Disk-rematrícula recebe 628 denúncias em 7 dias
Da Redação
Alunos de instituições particulares de ensino superior impedidos de fazer a rematrícula por atraso no pagamento de mensalidades estão se opondo à atitude das escolas e procurando seus direitos. Desde a criação do disk-rematrícula, terça-feira passada, 628 denúncias de estudantes que se sentem prejudicados foram recebidas pelo serviço, disponibilizado pela União Paranaense dos Estudantes (UPE). As campeãs de reclamações são a Pontifícia Universidade Católica do Paraná (PUC-PR), com 244 queixas, a Universidade Tuiuti do Paraná (UTP) com 198 e o Centro Universitário Campos de Andrade (Uniandrade) com 61 contestações. Hoje a UPE pretende entrar com uma ação judicial contra as faculdades.
O impedimento à rematrícula vai contra o artigo 7º da medida provisória 1733-62/99, que proíbe a aplicação de qualquer penalidade pedagógica aos alunos, por motivo de inadimplência. As faculdades alegam que oferecem a oportunidade de negociaçã. Para Fernando Delicato, presidente da UPE, a obrigatoriedade de renegociação da dívida já é uma irregularidade. Ele próprio é estudante da PUC e afirma que, por não ter condições de negociação, foi impedido de fazer sua rematrícula.
Adilson Seixas, pró-reitor comunitário e de extensão da PUC, considera que os alunos que não têm condições de quitar suas dívidas é que estão em situação irregular. Quando assinam o contrato de matrícula, os alunos assumem compromissos. Se não podem honrá-los, nós temos de fazer valer as cláusulas contratuais,.

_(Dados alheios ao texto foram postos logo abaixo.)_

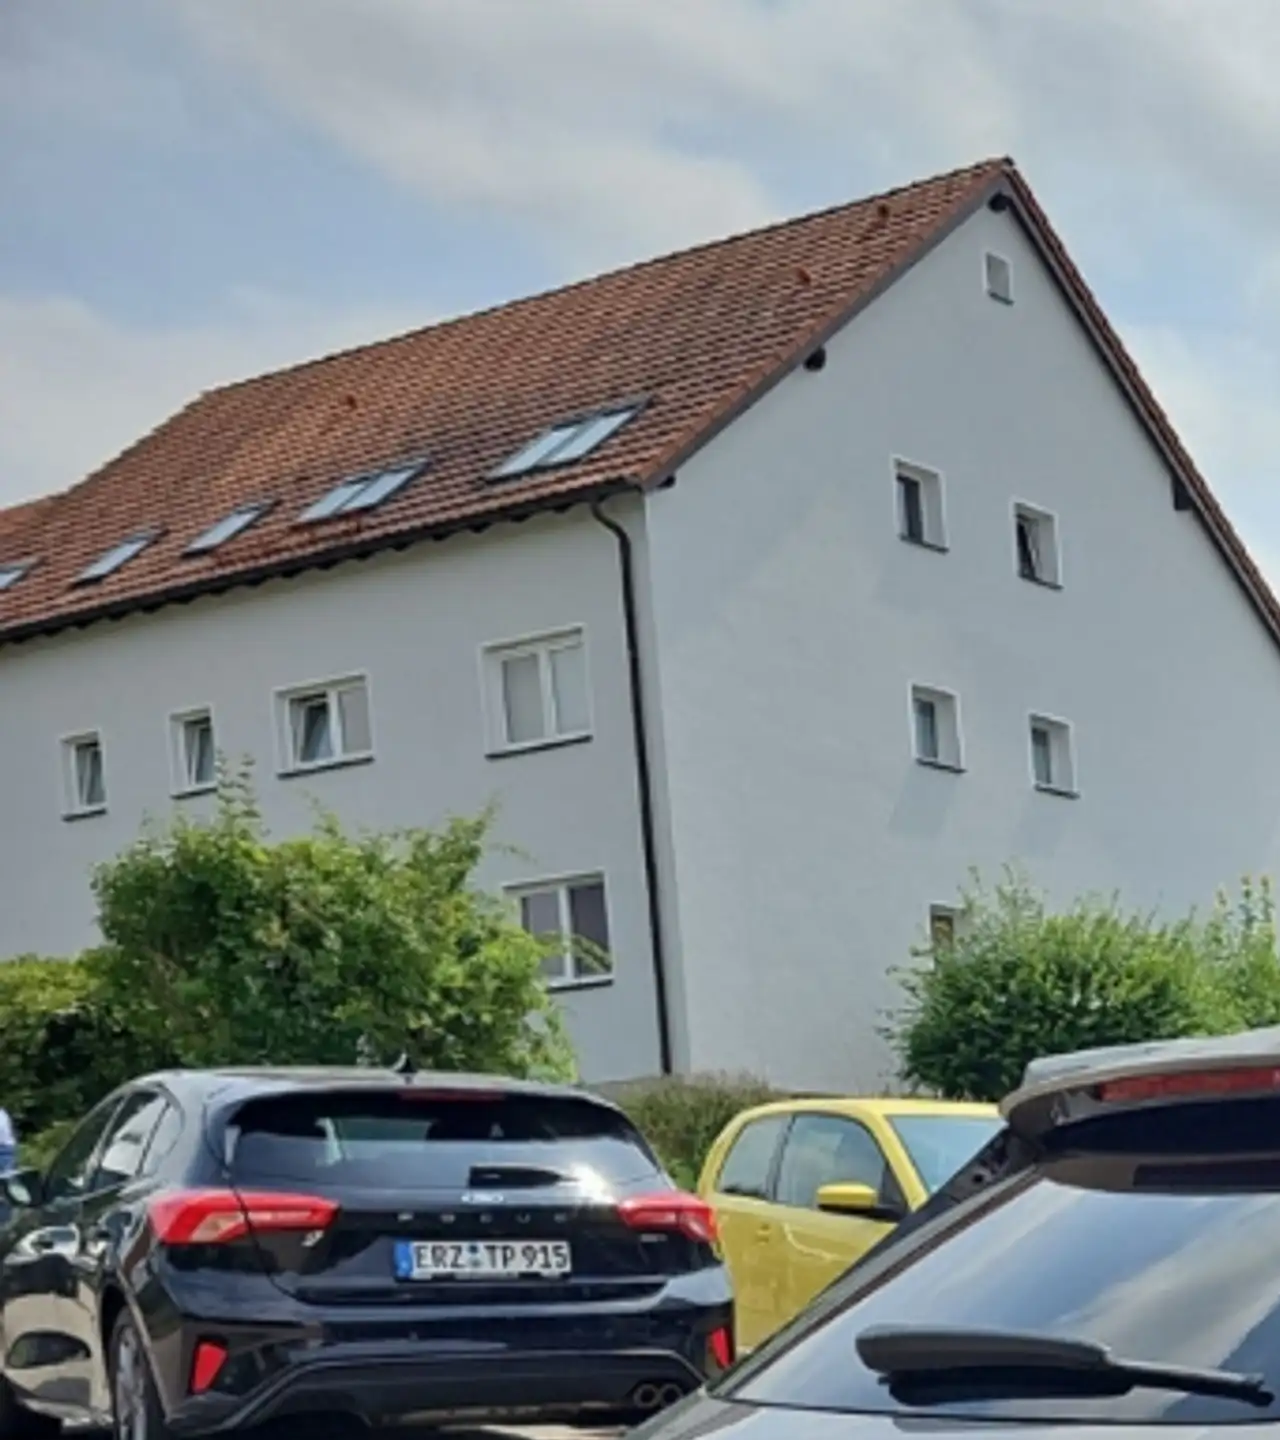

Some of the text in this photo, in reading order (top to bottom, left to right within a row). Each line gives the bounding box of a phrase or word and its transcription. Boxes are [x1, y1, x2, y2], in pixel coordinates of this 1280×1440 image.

[415, 1244, 568, 1270] ERZ TP 915

Ontem à tarde havia uma fila de alunos na UTP para fazer a rematrícula. Só quem estivesse com todas as mensalidades pagas poderia se matricular. Se houver alguma parcela em atraso, o sistema informatizado nem aceita a matrícula, revelou Alexandre Vieira, que trabalha na tesouraria da UTP.
O estudante de jornalismo Hedson Alves Silva, teve um prazo de 30 dias para pagar uma mensalidade atrasada. Acho injusta essa exigência.